◆ **WHAT THE EXERCISE ASKS**: A word-for-word transcription of the whole listing is required.

◆ **SUPPLIED MATERIAL**:
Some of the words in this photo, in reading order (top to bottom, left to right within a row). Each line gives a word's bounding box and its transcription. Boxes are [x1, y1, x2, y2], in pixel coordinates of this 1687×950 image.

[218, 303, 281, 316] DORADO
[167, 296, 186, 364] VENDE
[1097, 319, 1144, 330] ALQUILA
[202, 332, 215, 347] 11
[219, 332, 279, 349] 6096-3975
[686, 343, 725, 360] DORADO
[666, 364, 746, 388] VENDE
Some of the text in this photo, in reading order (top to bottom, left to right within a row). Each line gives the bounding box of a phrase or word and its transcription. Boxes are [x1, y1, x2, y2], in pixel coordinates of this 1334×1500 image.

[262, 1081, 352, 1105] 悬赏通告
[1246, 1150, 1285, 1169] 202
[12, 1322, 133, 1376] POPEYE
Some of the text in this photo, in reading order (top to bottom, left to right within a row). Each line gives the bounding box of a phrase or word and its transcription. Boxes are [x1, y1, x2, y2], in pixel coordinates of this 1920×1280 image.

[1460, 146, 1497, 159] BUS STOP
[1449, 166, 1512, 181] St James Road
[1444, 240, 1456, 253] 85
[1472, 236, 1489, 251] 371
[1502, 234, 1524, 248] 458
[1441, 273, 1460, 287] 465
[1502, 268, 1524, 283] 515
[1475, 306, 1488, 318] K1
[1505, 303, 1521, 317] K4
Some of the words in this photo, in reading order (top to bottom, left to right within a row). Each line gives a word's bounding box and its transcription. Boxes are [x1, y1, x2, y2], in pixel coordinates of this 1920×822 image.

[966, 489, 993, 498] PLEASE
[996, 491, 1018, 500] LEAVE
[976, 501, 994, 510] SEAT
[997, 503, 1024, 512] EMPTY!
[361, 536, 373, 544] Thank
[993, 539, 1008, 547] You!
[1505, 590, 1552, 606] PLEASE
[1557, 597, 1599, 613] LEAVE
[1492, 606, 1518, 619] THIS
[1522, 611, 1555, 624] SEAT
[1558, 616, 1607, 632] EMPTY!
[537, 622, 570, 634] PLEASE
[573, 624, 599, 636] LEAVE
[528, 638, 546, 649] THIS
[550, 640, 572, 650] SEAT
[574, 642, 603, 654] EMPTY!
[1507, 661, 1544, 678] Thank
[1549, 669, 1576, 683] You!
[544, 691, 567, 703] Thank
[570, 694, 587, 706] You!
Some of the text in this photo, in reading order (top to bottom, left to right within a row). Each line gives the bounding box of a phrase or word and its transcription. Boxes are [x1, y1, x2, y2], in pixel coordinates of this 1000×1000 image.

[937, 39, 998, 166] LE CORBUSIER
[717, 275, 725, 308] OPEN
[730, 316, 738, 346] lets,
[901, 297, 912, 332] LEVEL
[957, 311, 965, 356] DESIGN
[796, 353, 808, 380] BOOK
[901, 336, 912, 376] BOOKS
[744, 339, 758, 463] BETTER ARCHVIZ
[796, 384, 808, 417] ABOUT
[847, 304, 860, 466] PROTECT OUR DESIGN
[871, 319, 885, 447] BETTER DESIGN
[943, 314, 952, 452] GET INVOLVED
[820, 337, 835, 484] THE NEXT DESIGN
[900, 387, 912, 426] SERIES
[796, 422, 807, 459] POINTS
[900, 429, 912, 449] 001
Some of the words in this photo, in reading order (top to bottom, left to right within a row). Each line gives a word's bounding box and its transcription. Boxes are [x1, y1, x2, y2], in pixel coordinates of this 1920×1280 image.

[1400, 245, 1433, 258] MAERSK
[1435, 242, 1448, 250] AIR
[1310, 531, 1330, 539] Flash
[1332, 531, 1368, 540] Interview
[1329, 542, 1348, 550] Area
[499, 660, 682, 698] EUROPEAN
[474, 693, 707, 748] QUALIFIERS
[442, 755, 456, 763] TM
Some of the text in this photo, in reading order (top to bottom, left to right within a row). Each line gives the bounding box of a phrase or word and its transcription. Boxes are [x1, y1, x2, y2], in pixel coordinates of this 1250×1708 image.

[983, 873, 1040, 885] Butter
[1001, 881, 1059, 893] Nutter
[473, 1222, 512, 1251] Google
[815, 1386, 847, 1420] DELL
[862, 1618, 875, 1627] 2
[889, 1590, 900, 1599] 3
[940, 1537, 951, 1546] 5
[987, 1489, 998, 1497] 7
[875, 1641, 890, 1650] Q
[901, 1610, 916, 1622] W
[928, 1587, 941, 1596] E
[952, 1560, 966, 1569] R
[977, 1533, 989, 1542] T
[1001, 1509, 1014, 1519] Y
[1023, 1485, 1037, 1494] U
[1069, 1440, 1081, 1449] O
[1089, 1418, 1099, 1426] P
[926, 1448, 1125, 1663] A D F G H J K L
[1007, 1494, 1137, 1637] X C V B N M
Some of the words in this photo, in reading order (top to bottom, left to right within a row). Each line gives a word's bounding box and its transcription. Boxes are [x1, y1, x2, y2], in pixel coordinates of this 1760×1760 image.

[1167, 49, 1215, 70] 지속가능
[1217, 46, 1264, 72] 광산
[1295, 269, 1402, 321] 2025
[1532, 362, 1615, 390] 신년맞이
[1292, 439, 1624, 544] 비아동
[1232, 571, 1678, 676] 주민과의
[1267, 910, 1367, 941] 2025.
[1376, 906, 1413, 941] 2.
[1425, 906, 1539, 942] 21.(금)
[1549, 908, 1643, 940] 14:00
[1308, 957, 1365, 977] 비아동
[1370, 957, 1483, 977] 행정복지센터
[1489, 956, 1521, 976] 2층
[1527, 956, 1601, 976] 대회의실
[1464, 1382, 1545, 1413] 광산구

◆ **ANSWER SPACE**:
Some of the words in this photo, in reading order (top to bottom, left to right within a row). Each line gives a word's bounding box and its transcription. Boxes are [x1, y1, x2, y2], in pixel coordinates of this 1687×950 image.

[218, 303, 281, 316] DORADO
[167, 296, 186, 364] VENDE
[1097, 319, 1144, 330] ALQUILA
[202, 332, 215, 347] 11
[219, 332, 279, 349] 6096-3975
[686, 343, 725, 360] DORADO
[666, 364, 746, 388] VENDE
Some of the text in this photo, in reading order (top to bottom, left to right within a row). Each line gives the bounding box of a phrase or word and its transcription. Boxes are [x1, y1, x2, y2], in pixel coordinates of this 1334×1500 image.

[262, 1081, 352, 1105] 悬赏通告
[1246, 1150, 1285, 1169] 202
[12, 1322, 133, 1376] POPEYE
Some of the text in this photo, in reading order (top to bottom, left to right within a row). Each line gives the bounding box of a phrase or word and its transcription. Boxes are [x1, y1, x2, y2], in pixel coordinates of this 1920×1280 image.

[1460, 146, 1497, 159] BUS STOP
[1449, 166, 1512, 181] St James Road
[1444, 240, 1456, 253] 85
[1472, 236, 1489, 251] 371
[1502, 234, 1524, 248] 458
[1441, 273, 1460, 287] 465
[1502, 268, 1524, 283] 515
[1475, 306, 1488, 318] K1
[1505, 303, 1521, 317] K4
Some of the words in this photo, in reading order (top to bottom, left to right within a row). Each line gives a word's bounding box and its transcription. Boxes are [x1, y1, x2, y2], in pixel coordinates of this 1920×822 image.

[966, 489, 993, 498] PLEASE
[996, 491, 1018, 500] LEAVE
[976, 501, 994, 510] SEAT
[997, 503, 1024, 512] EMPTY!
[361, 536, 373, 544] Thank
[993, 539, 1008, 547] You!
[1505, 590, 1552, 606] PLEASE
[1557, 597, 1599, 613] LEAVE
[1492, 606, 1518, 619] THIS
[1522, 611, 1555, 624] SEAT
[1558, 616, 1607, 632] EMPTY!
[537, 622, 570, 634] PLEASE
[573, 624, 599, 636] LEAVE
[528, 638, 546, 649] THIS
[550, 640, 572, 650] SEAT
[574, 642, 603, 654] EMPTY!
[1507, 661, 1544, 678] Thank
[1549, 669, 1576, 683] You!
[544, 691, 567, 703] Thank
[570, 694, 587, 706] You!
Some of the text in this photo, in reading order (top to bottom, left to right within a row). Each line gives the bounding box of a phrase or word and its transcription. Boxes are [x1, y1, x2, y2], in pixel coordinates of this 1000×1000 image.

[937, 39, 998, 166] LE CORBUSIER
[717, 275, 725, 308] OPEN
[730, 316, 738, 346] lets,
[901, 297, 912, 332] LEVEL
[957, 311, 965, 356] DESIGN
[796, 353, 808, 380] BOOK
[901, 336, 912, 376] BOOKS
[744, 339, 758, 463] BETTER ARCHVIZ
[796, 384, 808, 417] ABOUT
[847, 304, 860, 466] PROTECT OUR DESIGN
[871, 319, 885, 447] BETTER DESIGN
[943, 314, 952, 452] GET INVOLVED
[820, 337, 835, 484] THE NEXT DESIGN
[900, 387, 912, 426] SERIES
[796, 422, 807, 459] POINTS
[900, 429, 912, 449] 001
Some of the words in this photo, in reading order (top to bottom, left to right within a row). Each line gives a word's bounding box and its transcription. Boxes are [x1, y1, x2, y2], in pixel coordinates of this 1920×1280 image.

[1400, 245, 1433, 258] MAERSK
[1435, 242, 1448, 250] AIR
[1310, 531, 1330, 539] Flash
[1332, 531, 1368, 540] Interview
[1329, 542, 1348, 550] Area
[499, 660, 682, 698] EUROPEAN
[474, 693, 707, 748] QUALIFIERS
[442, 755, 456, 763] TM
Some of the text in this photo, in reading order (top to bottom, left to right within a row). Each line gives the bounding box of a phrase or word and its transcription. Boxes are [x1, y1, x2, y2], in pixel coordinates of this 1250×1708 image.

[983, 873, 1040, 885] Butter
[1001, 881, 1059, 893] Nutter
[473, 1222, 512, 1251] Google
[815, 1386, 847, 1420] DELL
[862, 1618, 875, 1627] 2
[889, 1590, 900, 1599] 3
[940, 1537, 951, 1546] 5
[987, 1489, 998, 1497] 7
[875, 1641, 890, 1650] Q
[901, 1610, 916, 1622] W
[928, 1587, 941, 1596] E
[952, 1560, 966, 1569] R
[977, 1533, 989, 1542] T
[1001, 1509, 1014, 1519] Y
[1023, 1485, 1037, 1494] U
[1069, 1440, 1081, 1449] O
[1089, 1418, 1099, 1426] P
[926, 1448, 1125, 1663] A D F G H J K L
[1007, 1494, 1137, 1637] X C V B N M
Some of the words in this photo, in reading order (top to bottom, left to right within a row). Each line gives a word's bounding box and its transcription. Boxes are [x1, y1, x2, y2], in pixel coordinates of this 1760×1760 image.

[1167, 49, 1215, 70] 지속가능
[1217, 46, 1264, 72] 광산
[1295, 269, 1402, 321] 2025
[1532, 362, 1615, 390] 신년맞이
[1292, 439, 1624, 544] 비아동
[1232, 571, 1678, 676] 주민과의
[1267, 910, 1367, 941] 2025.
[1376, 906, 1413, 941] 2.
[1425, 906, 1539, 942] 21.(금)
[1549, 908, 1643, 940] 14:00
[1308, 957, 1365, 977] 비아동
[1370, 957, 1483, 977] 행정복지센터
[1489, 956, 1521, 976] 2층
[1527, 956, 1601, 976] 대회의실
[1464, 1382, 1545, 1413] 광산구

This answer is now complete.